_Spatial localization data_.
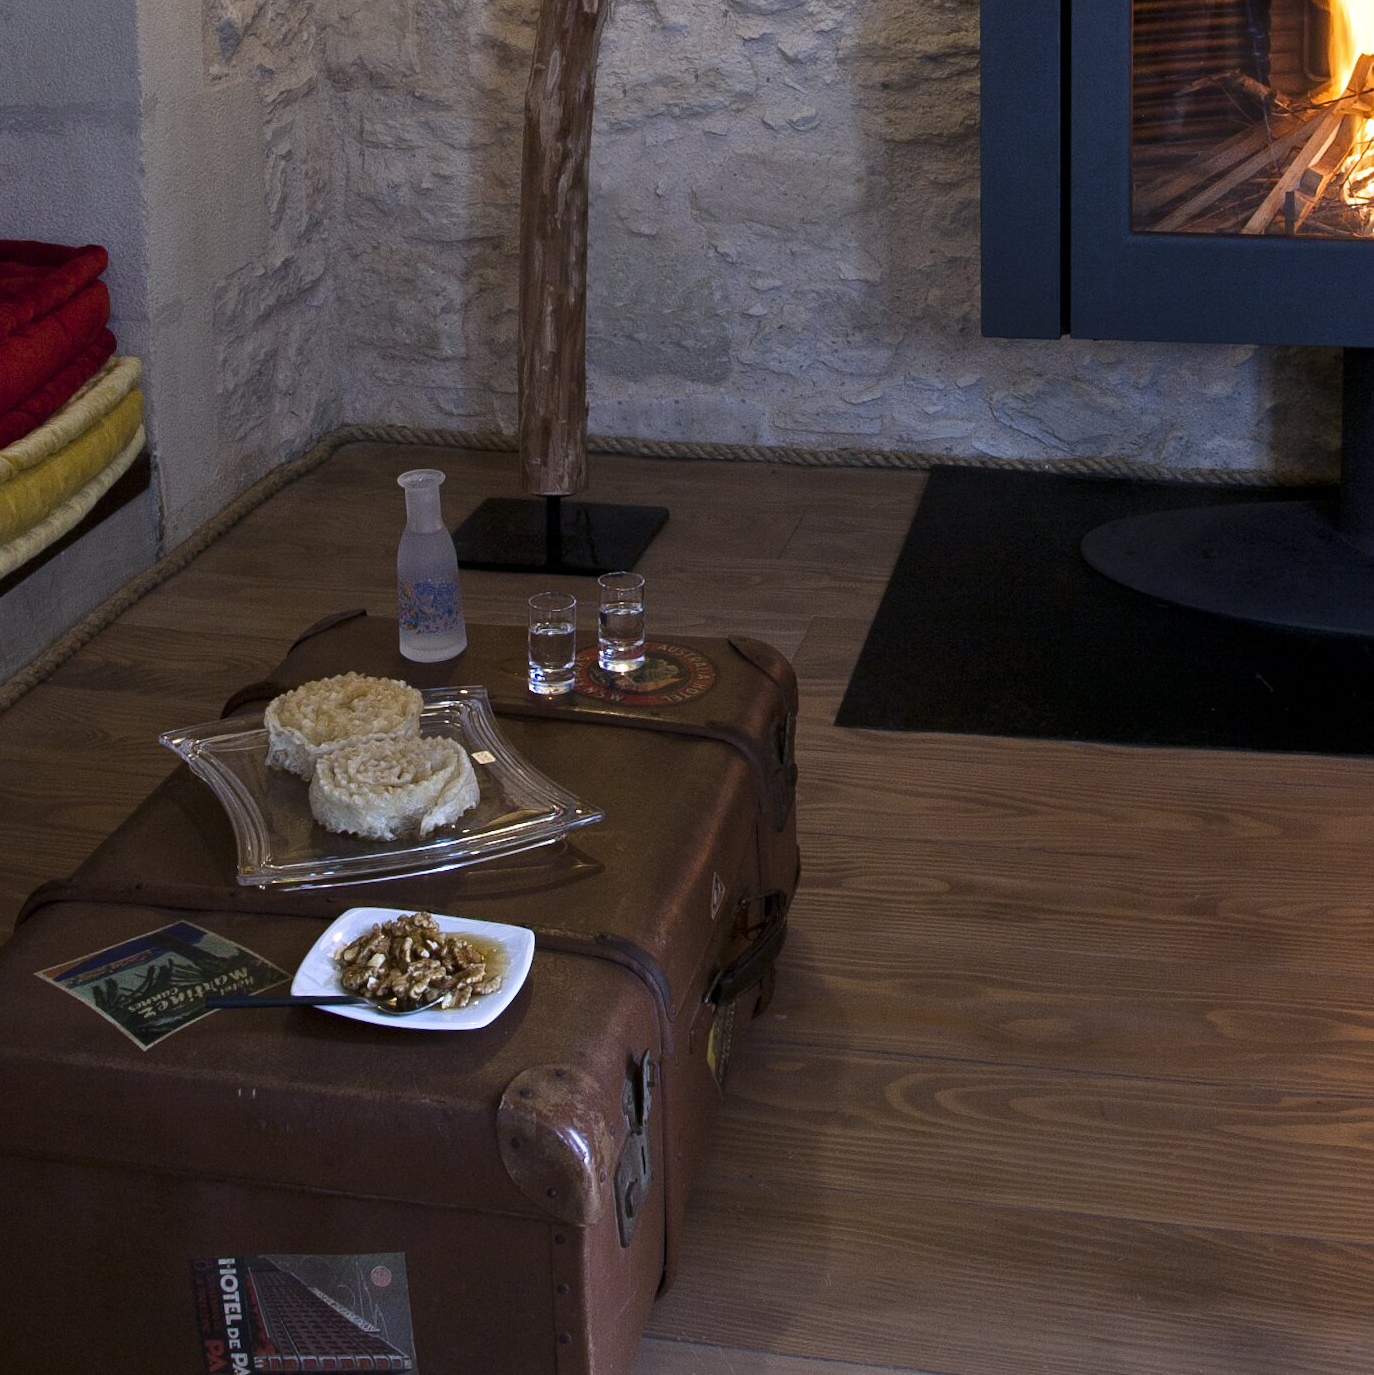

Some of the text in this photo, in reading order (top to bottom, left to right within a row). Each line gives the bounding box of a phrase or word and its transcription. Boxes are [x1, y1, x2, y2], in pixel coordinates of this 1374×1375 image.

[657, 644, 711, 703] AUSTRALIA HOTEL
[137, 967, 248, 1018] Martinez
[218, 1257, 243, 1326] HOTEL
[227, 1328, 242, 1349] DE
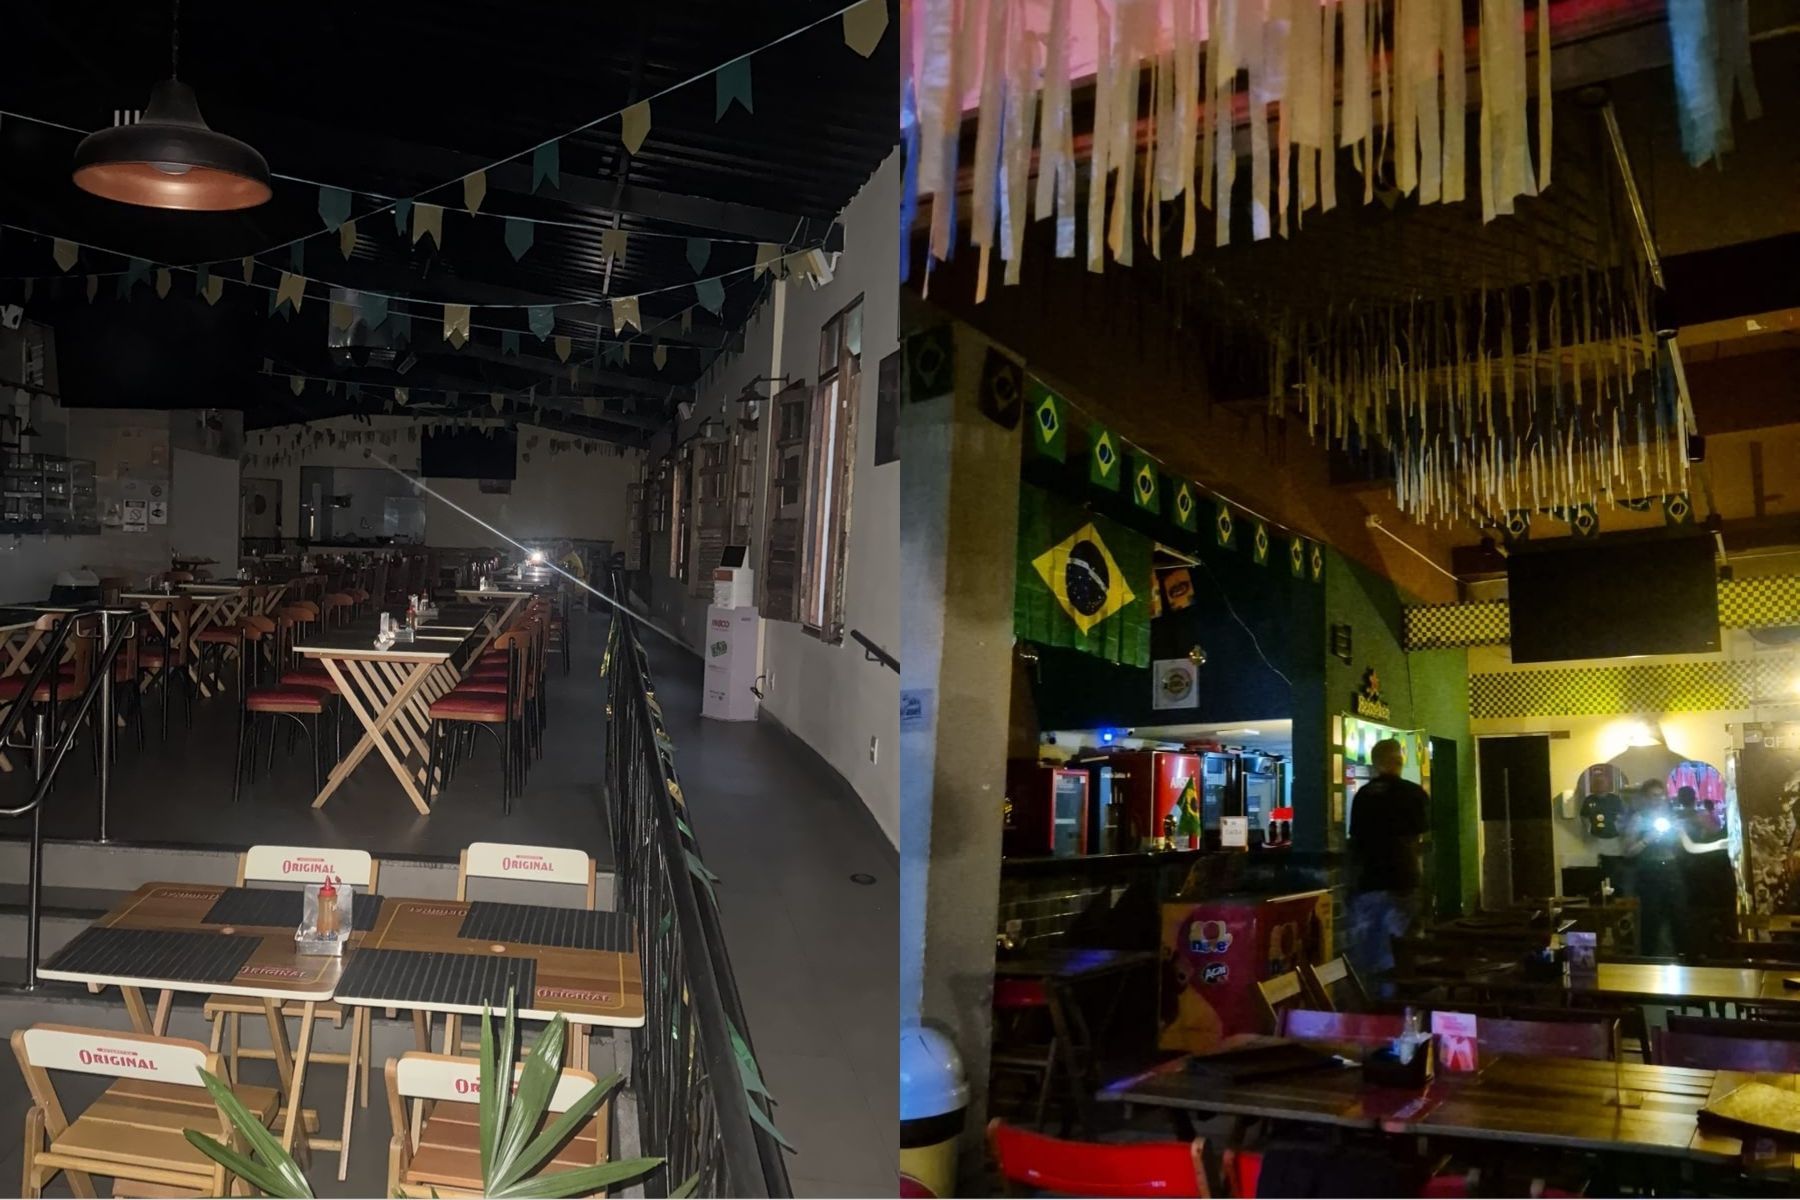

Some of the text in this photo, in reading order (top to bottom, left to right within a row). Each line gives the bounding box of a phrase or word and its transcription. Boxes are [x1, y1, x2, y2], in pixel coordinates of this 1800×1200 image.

[283, 860, 336, 874] ORIGINAL
[503, 857, 555, 871] ORIGINAL
[79, 1049, 159, 1070] ORIGINAL
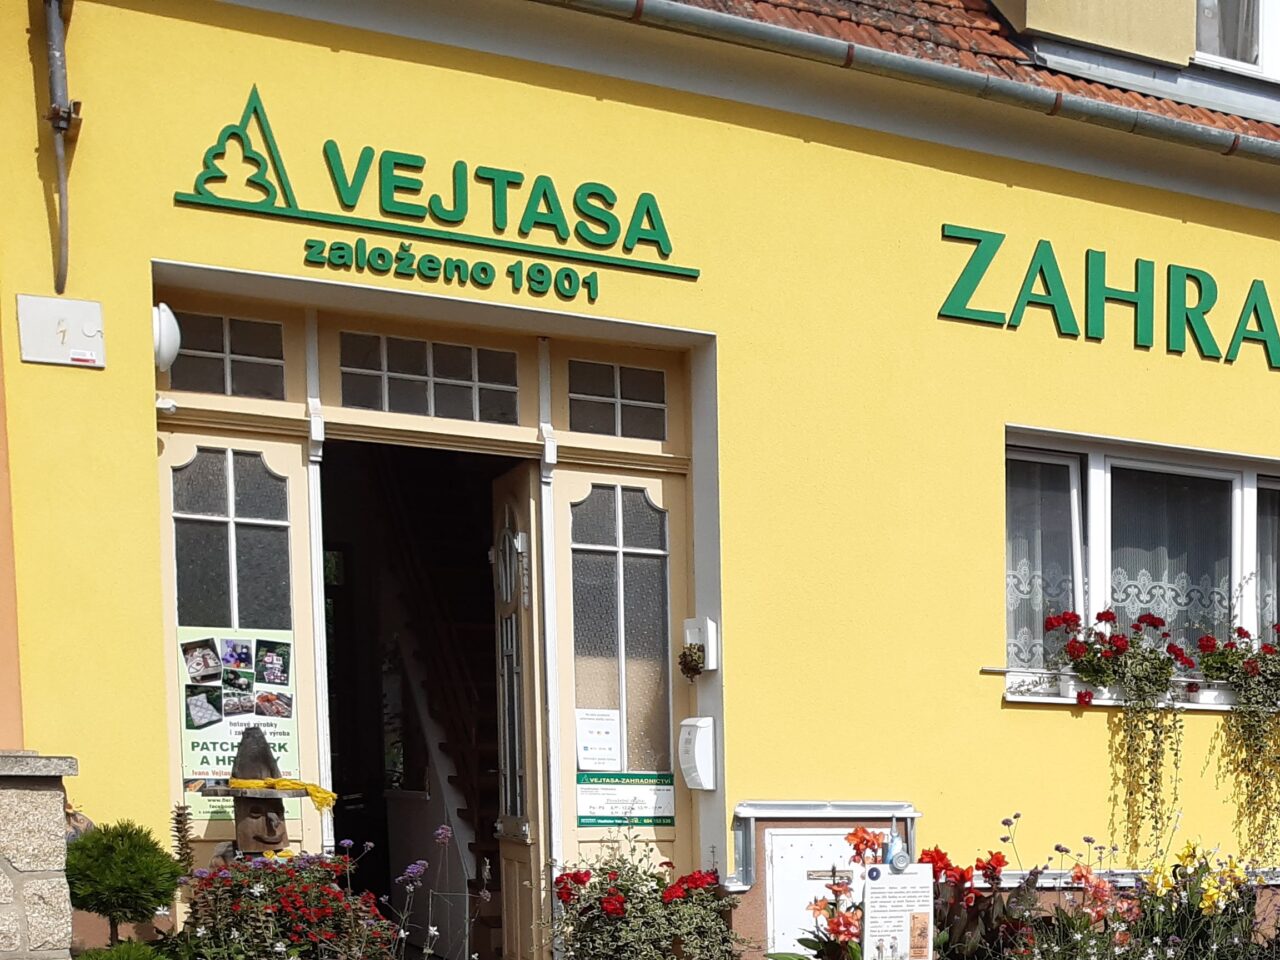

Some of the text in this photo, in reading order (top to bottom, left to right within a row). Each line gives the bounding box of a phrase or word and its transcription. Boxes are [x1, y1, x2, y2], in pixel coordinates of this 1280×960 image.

[323, 138, 674, 256] VEJTASA
[303, 237, 600, 301] založeno 1901
[253, 721, 277, 729] výrobky
[191, 741, 289, 752] PATCHRK
[200, 755, 211, 765] A
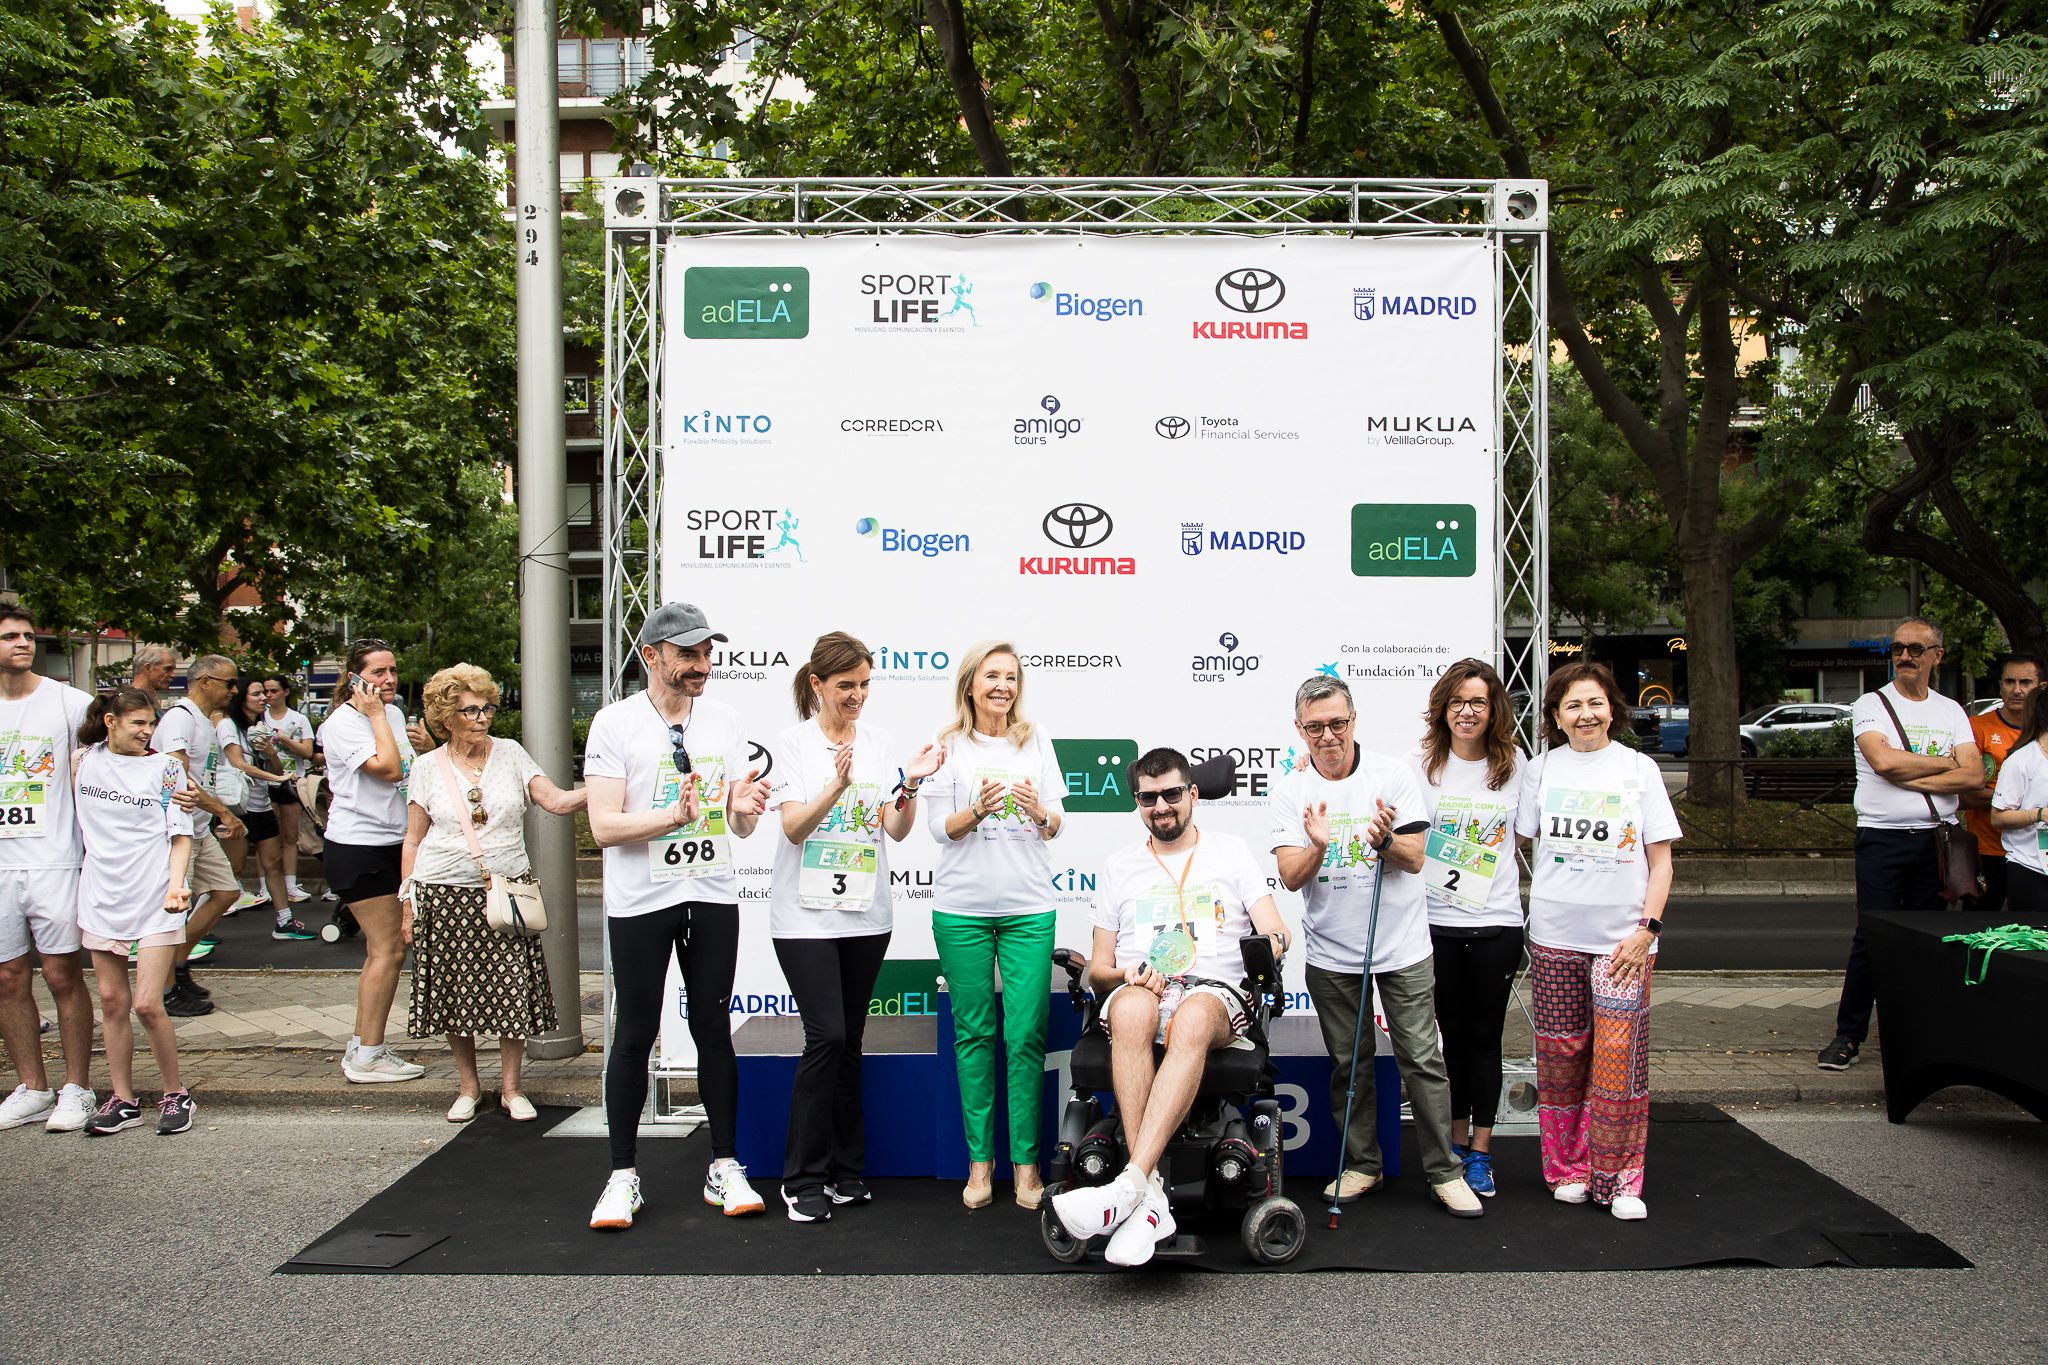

_Activity_. All entries should be restated word for word; no images belong in the copy.

_The answer_.
Some of the text in this photo, in reading order (top to bottom, left to right within a row). Each line gives the bounding box of a phrase or word and its transcription. Boxes are [x1, y1, x2, y2], in pixel coordinates of this 1374×1375 image.

[657, 644, 711, 703] AUSTRALIA HOTEL
[137, 967, 248, 1018] Martinez
[218, 1257, 243, 1326] HOTEL
[227, 1328, 242, 1349] DE

Some of the text in this photo, in reading order (top to bottom, left to right within a row). Each line gives the bounding box of a phrase or word and its transcription. Boxes are [x1, y1, x2, y2], in pixel coordinates of this 1800×1200 image.

[283, 860, 336, 874] ORIGINAL
[503, 857, 555, 871] ORIGINAL
[79, 1049, 159, 1070] ORIGINAL

Some of the text in this photo, in reading order (top to bottom, left to right within a row). Each line gives the bounding box of a phrase or word and its transcription. Boxes are [x1, y1, x2, y2], in pixel coordinates of this 1280×960 image.

[323, 138, 674, 256] VEJTASA
[303, 237, 600, 301] založeno 1901
[253, 721, 277, 729] výrobky
[191, 741, 289, 752] PATCHRK
[200, 755, 211, 765] A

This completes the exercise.